For me, the iconography of the pierced heart has always spoken not only to the relationship between cursing and curing — but also to the relationship between life and death. And what better time or season to celebrate the way that those two forces dance with each other?

Living in the Southwest where the harvest cycles definitely do not follow that of the Euro-centric Wheel of the Year, I know our own land wights and spirits are on a different calendar and we have our own versions of the life/death energies. Perhaps these are best expressed in one of the most popular dualities right now if that of Nuestra Senora de Guadalupe: Our Lady of Guadalupe & her skull sister Santisima (or in some areas Santa) Muerte-Most Holy Death or Our Lady Most Holy Death.
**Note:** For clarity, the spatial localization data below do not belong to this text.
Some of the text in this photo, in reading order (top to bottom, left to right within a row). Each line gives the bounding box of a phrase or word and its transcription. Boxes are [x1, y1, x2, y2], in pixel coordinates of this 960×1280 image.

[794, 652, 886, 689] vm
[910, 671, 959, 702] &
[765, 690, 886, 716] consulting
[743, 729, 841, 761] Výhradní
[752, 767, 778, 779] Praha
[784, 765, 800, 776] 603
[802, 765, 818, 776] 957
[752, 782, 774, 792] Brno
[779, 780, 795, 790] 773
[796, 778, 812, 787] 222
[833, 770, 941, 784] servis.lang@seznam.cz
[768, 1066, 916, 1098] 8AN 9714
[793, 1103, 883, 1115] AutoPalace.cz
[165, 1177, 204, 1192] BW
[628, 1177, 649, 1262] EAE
Our Lady of Guadalupe and Santisima Muerte

These two are actually sister figures, both based on ancient Nahuatl Goddesses. Our Lady of Guadalupe is the Catholicized incarnation of Tonantzin while Santisima Muerte is a Catholic-folk and increasingly so-called “narco” saint based on the Lady of Death, Mictecacihuatl. In Nahuatl-Aztec culture Tonantzin was an earth and fertility Goddess, bringing life giving rains to the hills, valley, and canyons, and bestowing life giving properties on the land and the people.
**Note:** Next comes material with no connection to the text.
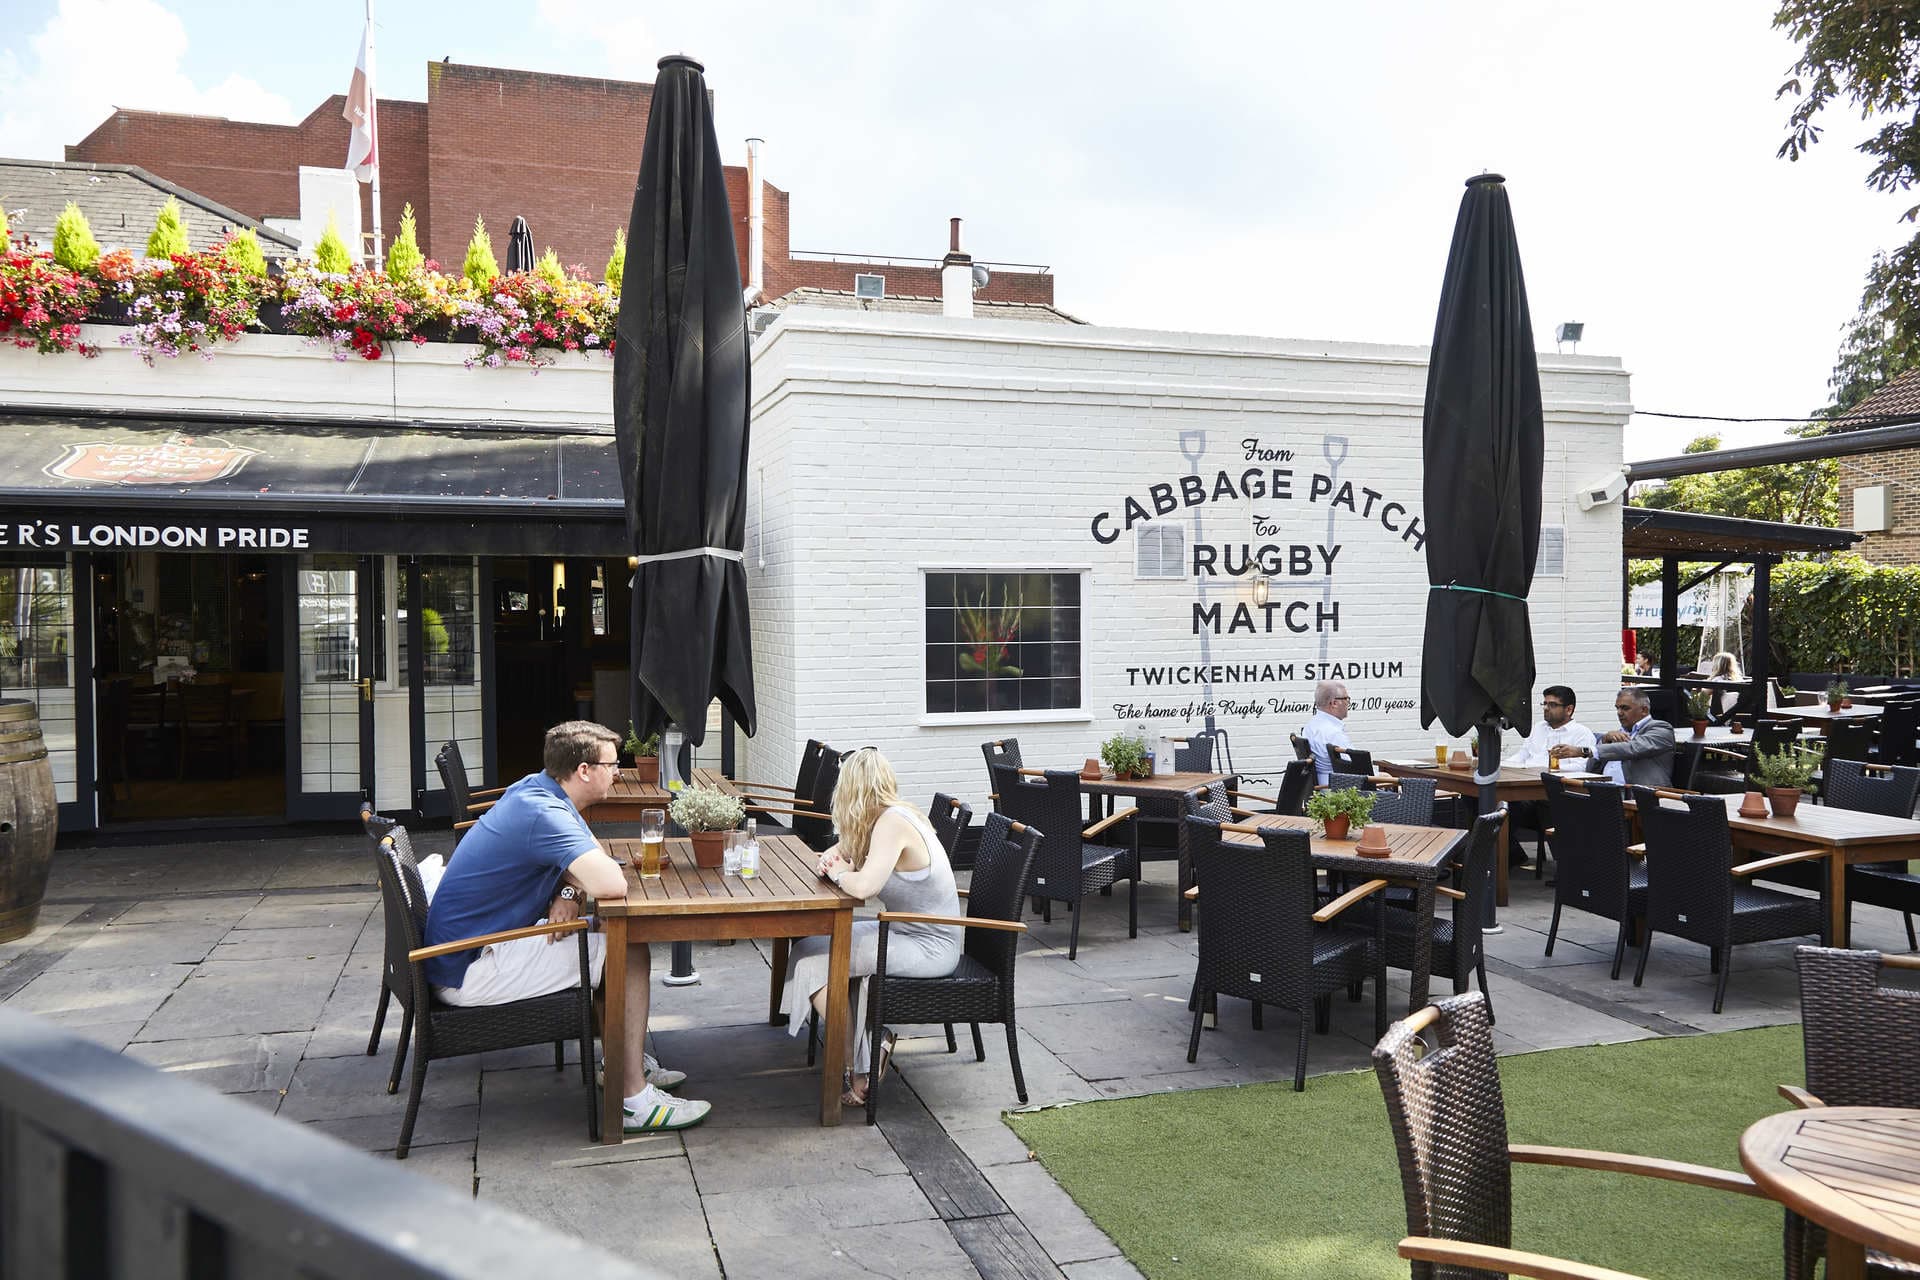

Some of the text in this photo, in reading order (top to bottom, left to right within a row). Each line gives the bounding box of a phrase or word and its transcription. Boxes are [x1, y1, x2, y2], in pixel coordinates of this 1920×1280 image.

To include our sacred plant theme, some believe that Tonantzin is specifically affiliated with the Agave plant and its various ritual and ecstatic uses.

Like the Sumerian Inanna and her skull sister Ereshkigal, Tonantzin had a relationship with her own shadow sister, Mictecacihuatl, the Lady of Death. In Meso-American culture death was highly esteemed because the ancestors were seen to be guiding forces of both wisdom and prophecy.

Therefore the Lord and Lady of Death had to be propitiated whenever someone passed beyond the veil so that they would accept their soul and as it were, make a home for them. Mictecacihuatl possesses the guise of Santisima Muerte, who has interestingly become increasingly allied with those involved in the illegal drug and arms trades in Mexico and the US-Mexican border, but is also known throughout the Southwest simply as La Huesera –– the bone woman — and is venerated as such, the Mother of death who sings life into the bones so that the cycle may spiral out yet again.

Ideas that are apparent opposites but underneath share a solid unity with one another should always make us pause and reflect.
In the case of hexing and healing or cursing and curing the folk magician should at the very least understand the relationship — perhaps as the winds blow from the otherworld into our own they will carry a bit of wisdom with them to aid us in our efforts.

May you all have a blessed Season of the Dead!